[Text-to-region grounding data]

=-=-=

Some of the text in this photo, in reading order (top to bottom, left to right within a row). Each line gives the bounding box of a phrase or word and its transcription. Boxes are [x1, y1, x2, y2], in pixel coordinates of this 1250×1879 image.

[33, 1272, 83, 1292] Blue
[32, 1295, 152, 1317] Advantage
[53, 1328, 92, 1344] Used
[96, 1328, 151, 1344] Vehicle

=-=-=

== Work task ==
Reproduce all the entries above. Match them exactly.

== Result of this exercise ==
Some of the text in this photo, in reading order (top to bottom, left to right within a row). Each line gives the bounding box of a phrase or word and its transcription. Boxes are [x1, y1, x2, y2], in pixel coordinates of this 1250×1879 image.

[33, 1272, 83, 1292] Blue
[32, 1295, 152, 1317] Advantage
[53, 1328, 92, 1344] Used
[96, 1328, 151, 1344] Vehicle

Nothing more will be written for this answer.